From the first line to the last, reproduce the records below exactly, omitting any picture.

◆ EXTRACTED INFORMATION:

____

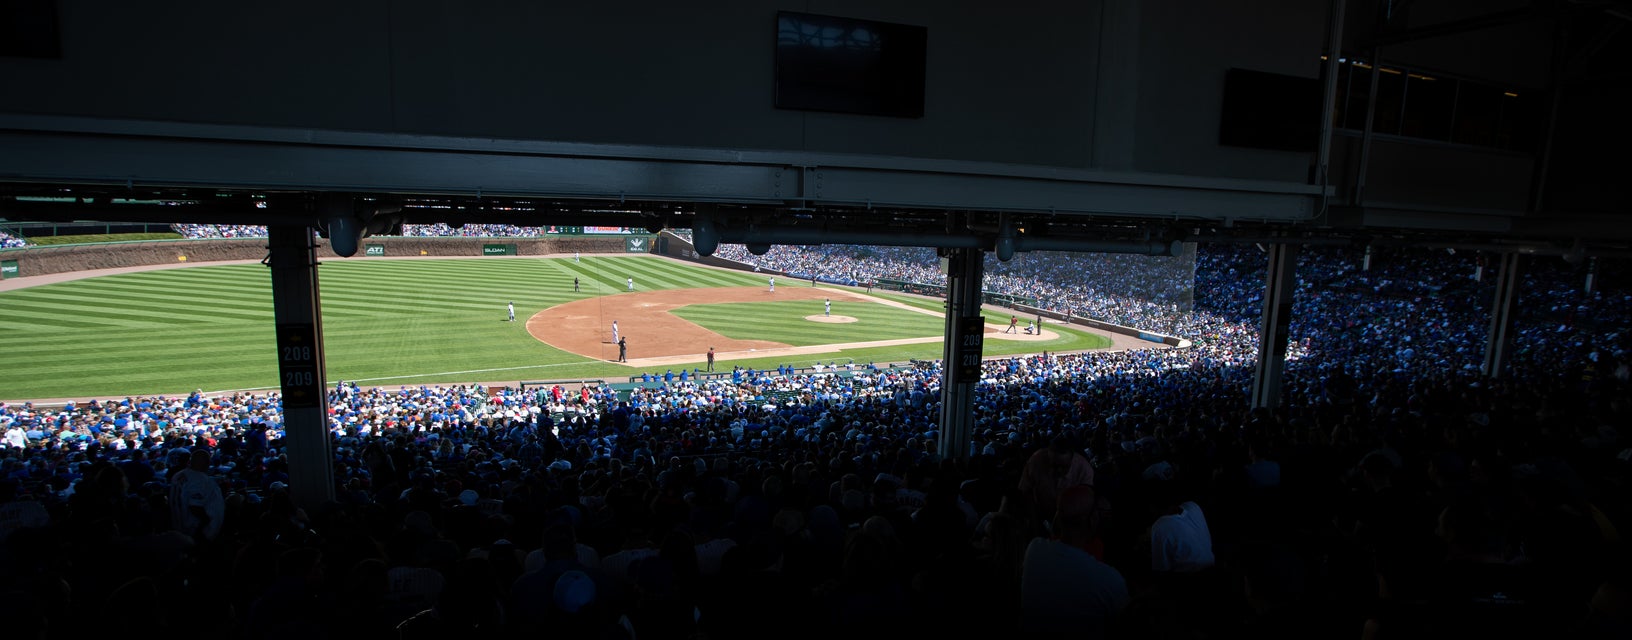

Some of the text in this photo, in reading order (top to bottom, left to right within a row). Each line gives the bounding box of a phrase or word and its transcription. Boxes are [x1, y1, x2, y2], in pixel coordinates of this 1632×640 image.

[963, 334, 981, 346] 209
[283, 346, 311, 361] 208
[962, 354, 978, 366] 210
[286, 372, 313, 386] 209

____

◆ FINISHED EXERCISE:
Some of the text in this photo, in reading order (top to bottom, left to right within a row). Each line gives the bounding box of a phrase or word and its transcription. Boxes are [x1, y1, x2, y2], in pixel coordinates of this 1632×640 image.

[963, 334, 981, 346] 209
[283, 346, 311, 361] 208
[962, 354, 978, 366] 210
[286, 372, 313, 386] 209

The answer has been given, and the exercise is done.